Later that night, alone on the couch, body fully healed from the countless bites and slashing wounds I’d received, I stared at the popcorn ceiling, counting each rotating swish of the ceiling fan as it turned above my head. The streets were silent.

  The shifters had done an efficient job of clearing the small town out. No doubt there’d be cops and Feds snooping around the place when people were reported missing in the morning.

  The killings had been so sloppy. So brazen. It made me wonder just how confident the Triad was. At first I’d figured they’d sent out the Cavalry because of fear, because maybe we were getting close to solving the puzzle.

  But what if Juan had been telling the truth? What if this wasn’t an attack based on fear but rather one based on glorying in the soon-to-come apocalypse?

  It took hours to finally fall asleep and when I did it was to see a vision of Pandora dressed in red and bathed in blood.

  ~*~

  I didn’t talk to Vyxen, nor did she talk to me as we entered the Zombie Queen’s lair the next morning.

  The inside of the cave was similar to the other one Pandora and I had once stood in when we’d made our pact with the Queen.

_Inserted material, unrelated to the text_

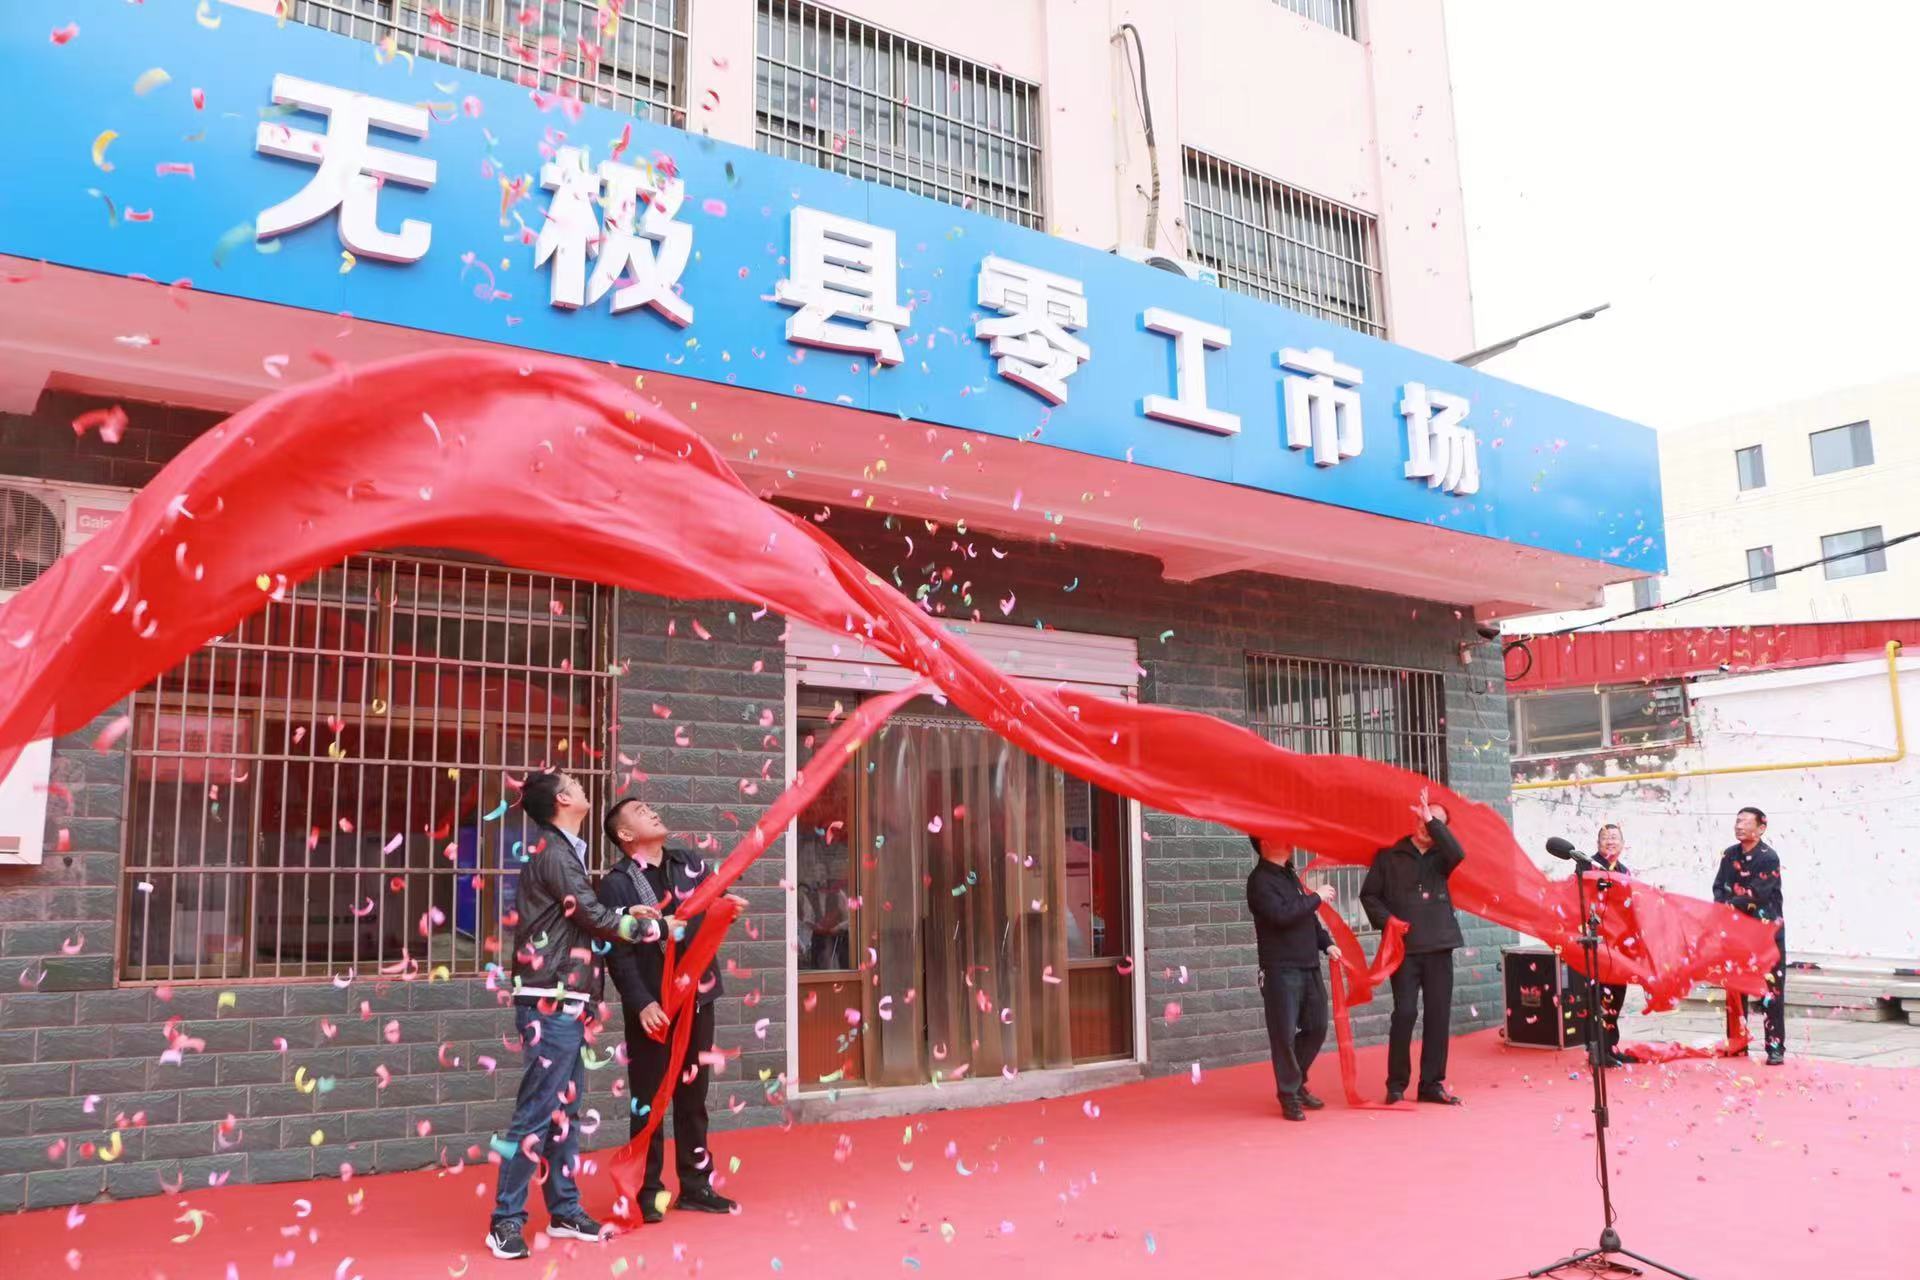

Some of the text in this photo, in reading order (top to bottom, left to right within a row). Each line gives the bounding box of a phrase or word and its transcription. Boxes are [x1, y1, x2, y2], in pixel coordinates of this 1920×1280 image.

[256, 73, 1480, 496] 无极县零工市场

  The red rock and muted glow of cave mushrooms lent everything a surreal, almost Mars-like feel to the place.

  Vyxen kept eyeing the half-dead sycophants with a healthy dose of wariness.

  The air smelled sweet, like almonds. Not at all what rotted flesh should smell like. But then again, the Queen’s minions weren’t anything like the zombies of movies.

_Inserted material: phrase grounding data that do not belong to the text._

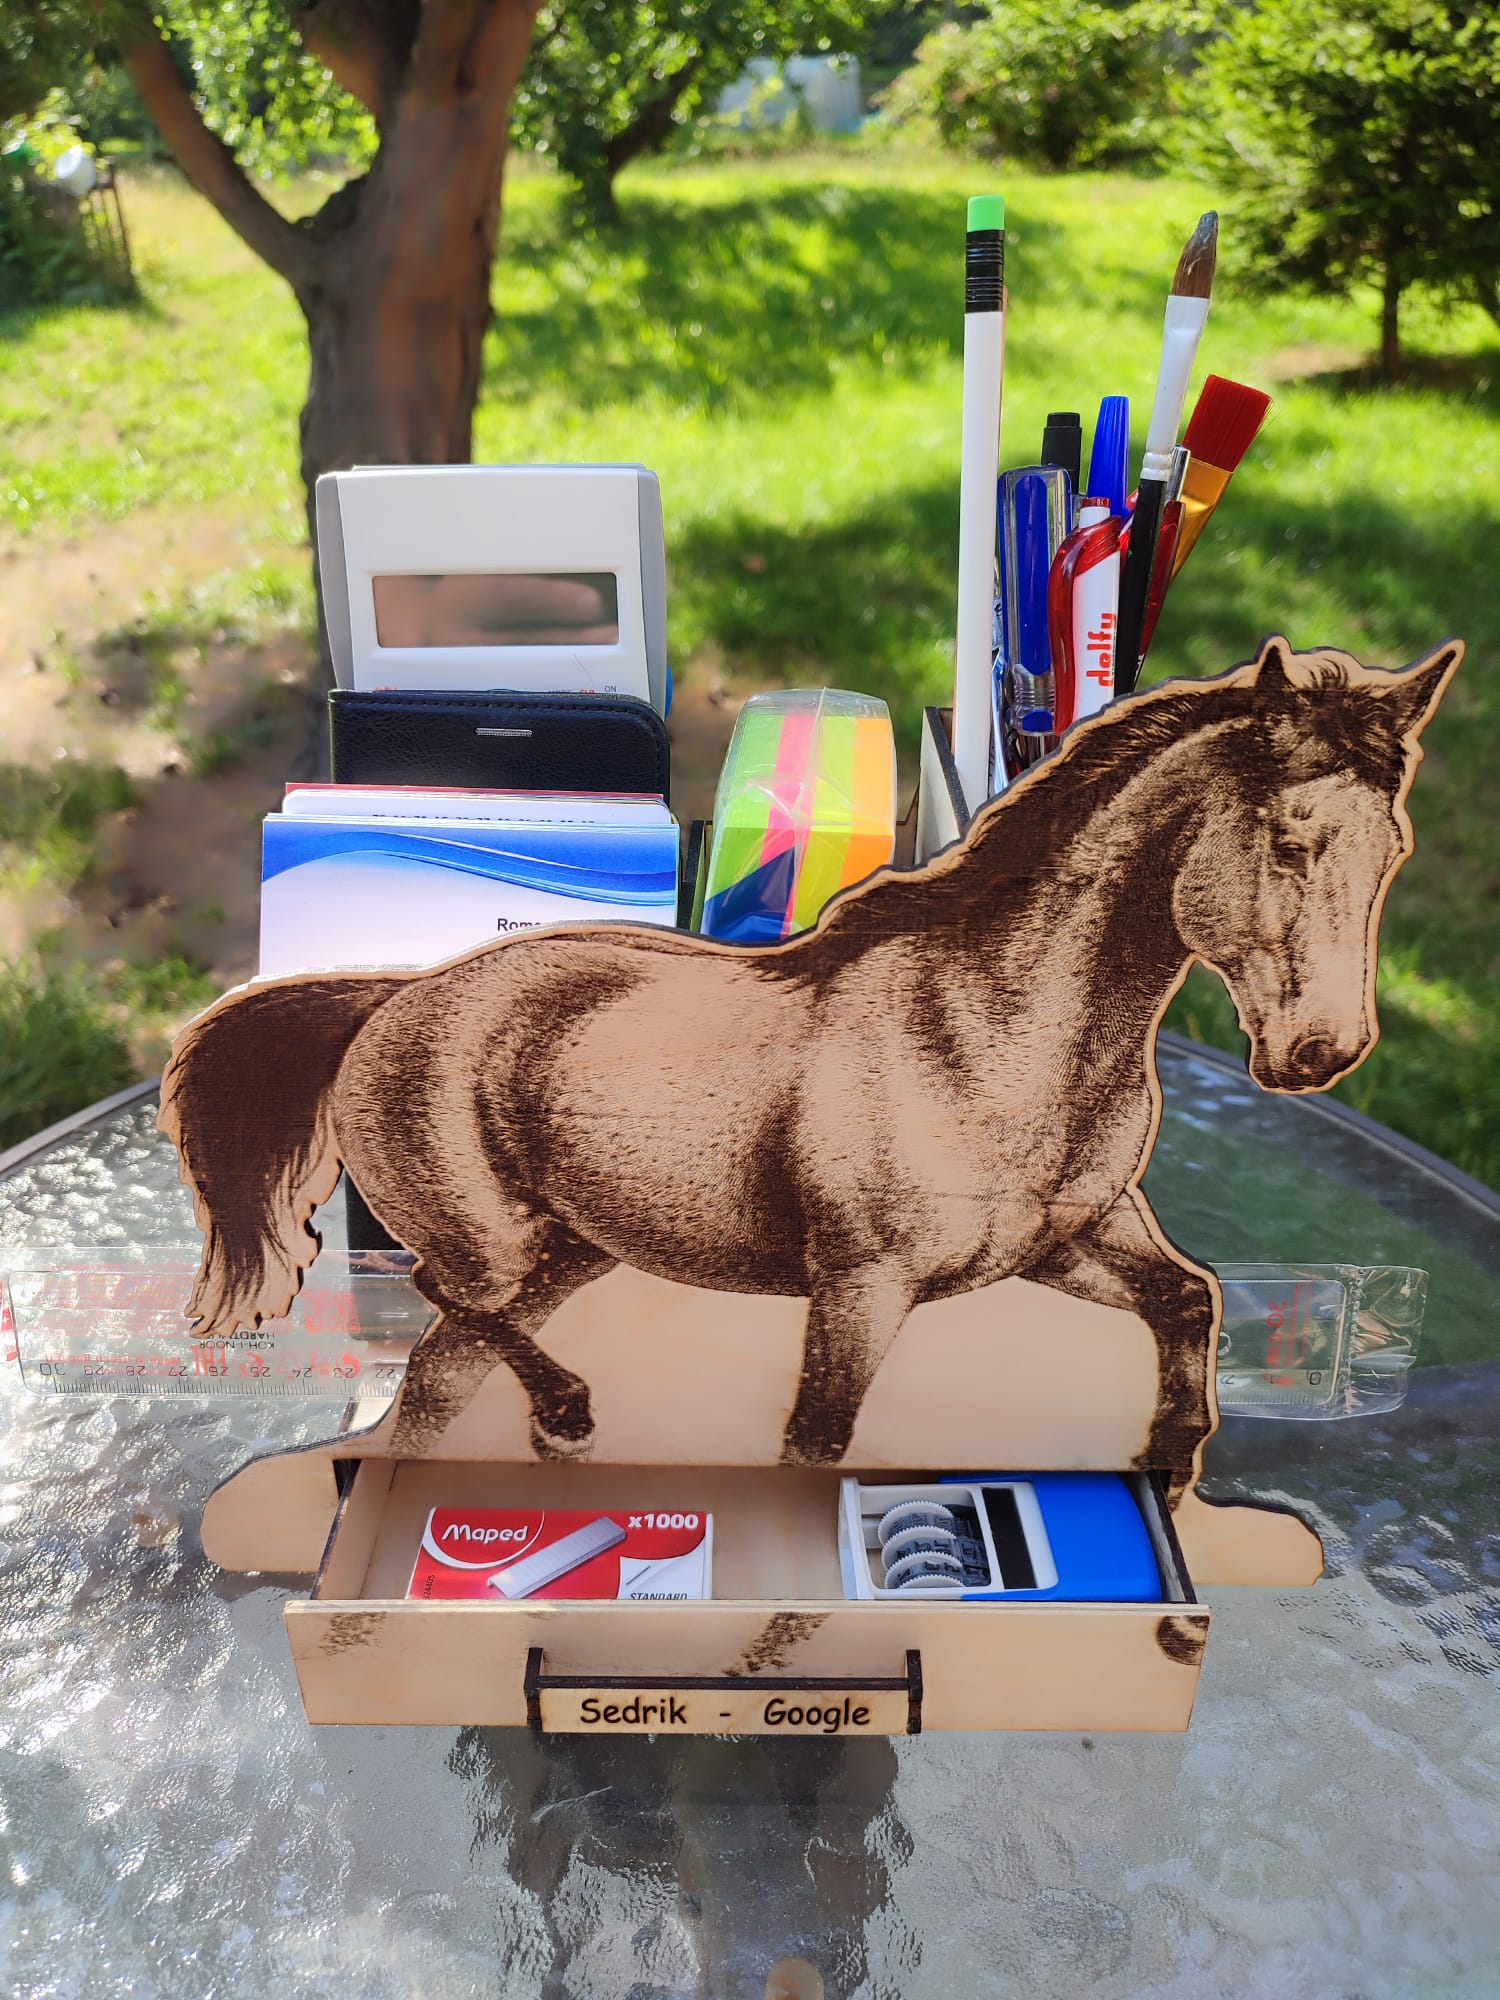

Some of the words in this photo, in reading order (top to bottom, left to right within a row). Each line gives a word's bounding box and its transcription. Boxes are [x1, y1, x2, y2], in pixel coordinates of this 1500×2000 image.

[1086, 613, 1117, 687] delfy
[604, 685, 617, 693] ON
[199, 1341, 275, 1350] KOH-I-NOOR
[39, 1362, 66, 1376] 30
[126, 1365, 146, 1377] 28
[167, 1365, 188, 1377] 27
[208, 1366, 229, 1377] 26
[250, 1366, 271, 1377] 25
[292, 1366, 313, 1378] 24
[375, 1367, 395, 1379] 22
[628, 1513, 699, 1529] x1000
[442, 1523, 528, 1544] Maped
[580, 1697, 687, 1725] Sedrik
[763, 1698, 870, 1733] Google

  They lived and breathed and thought as any human would, only they were virtually indestructible and completely loyal to her every word, thought, and deed.

  “How long is the hag gonna make us wait here?” Vyxen leaned in to whisper in my ear after yet another barefoot servant wearing a brightly colored dress of blazing red and orange tootled past carrying a stack of laundered sheets.

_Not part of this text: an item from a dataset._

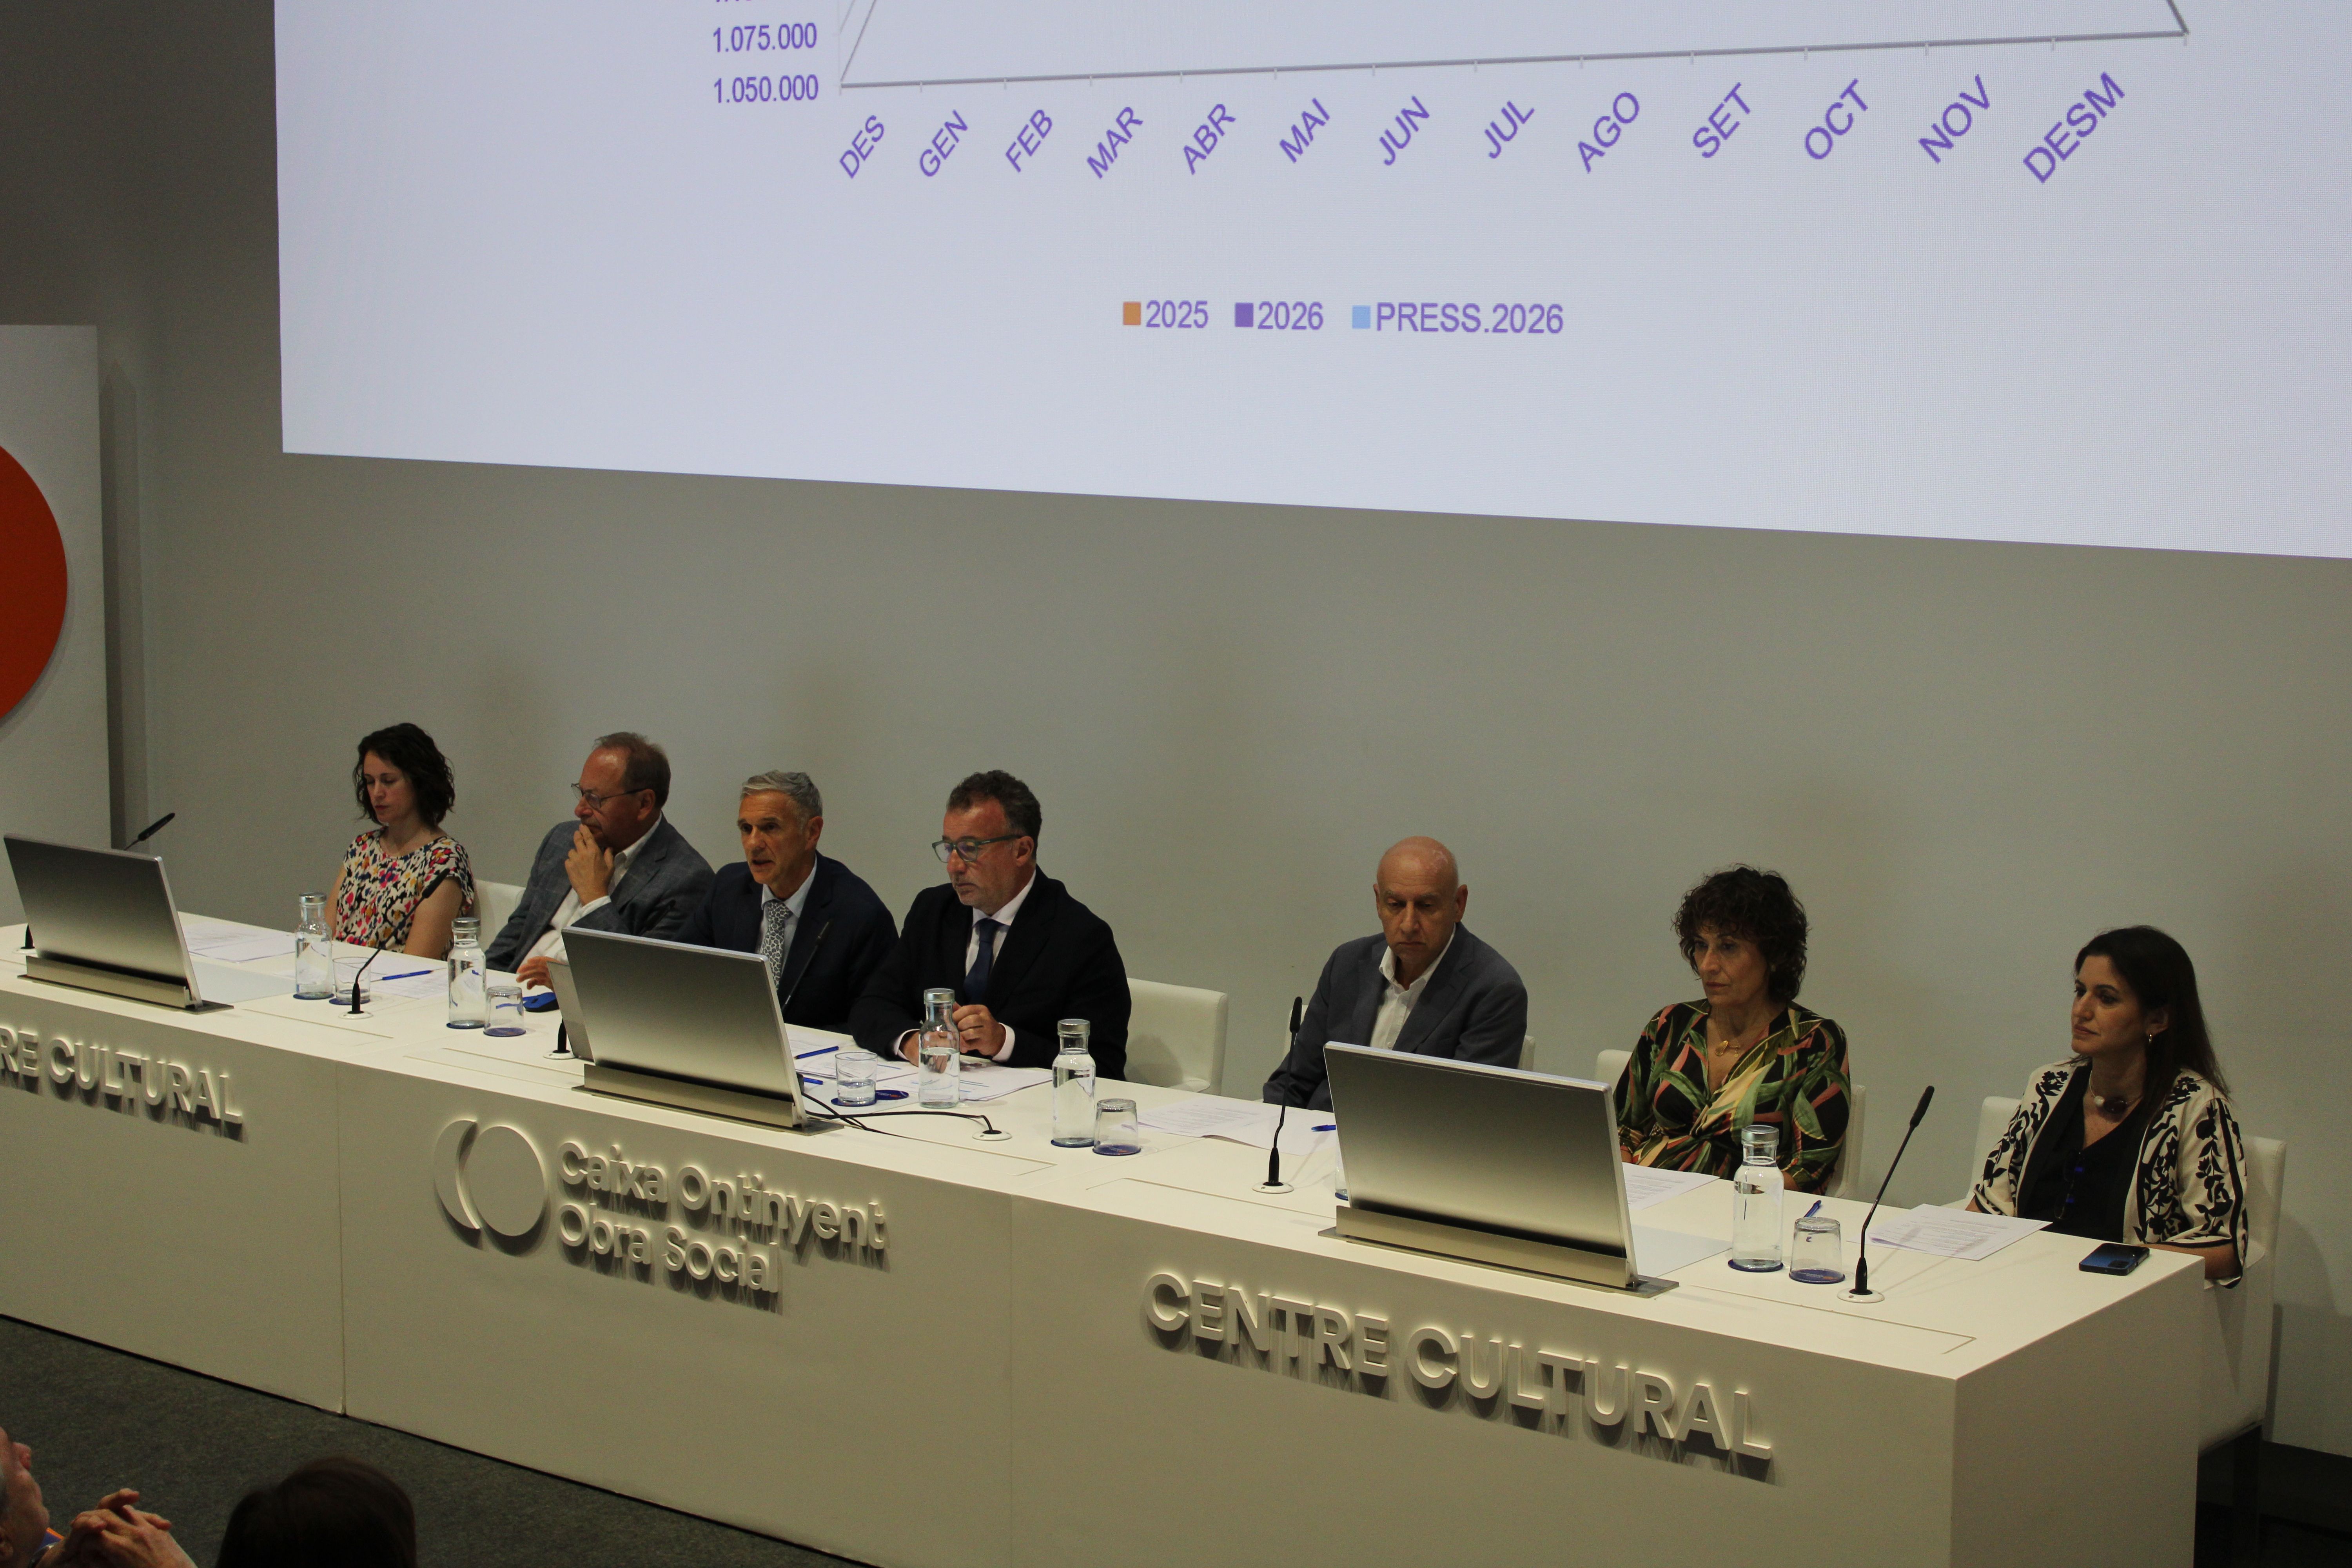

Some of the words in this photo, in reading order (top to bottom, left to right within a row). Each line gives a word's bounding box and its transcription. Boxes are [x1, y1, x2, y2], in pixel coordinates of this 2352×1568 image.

  I tossed Vyxen a dirty look. We’d only been standing in the throne room for less than ten minutes, hardly enough time to start complaining.

  “Why would I think you’d be capable of maturity? She is a Queen, Vyxen. I’m sure she has bigger concerns on her hands than making sure you’re happy.”

  She glared at me. Jeweled eyes glowing in the darkened cave. “Don’t think I’m not still super pissed at you for taking all the hot water last night.”

  “So that’s what this is. You’re throwing a tantrum. Grow up, Envy.”

  Her lips thinned. “I had to break into the house next door. A nasty, stinking drug den full of roaches,” she hissed. “Though”—she rotated her wrist, showing off an expensive silver Rolex—“you like?”

  “No doubt stolen.” I rolled my eyes to her second statement.

  Huffing, she planted her hands on her hips. “At some point you have to admit we’re right about Pandora.”

  I whirled on her, drilling her hard with my gaze. “That topic is off the table right now. You all voted, but that doesn’t mean I have to be okay with any of this. Let’s just leave it at that. Or would you like to get back to the topic of Cash? Because I will if you will.”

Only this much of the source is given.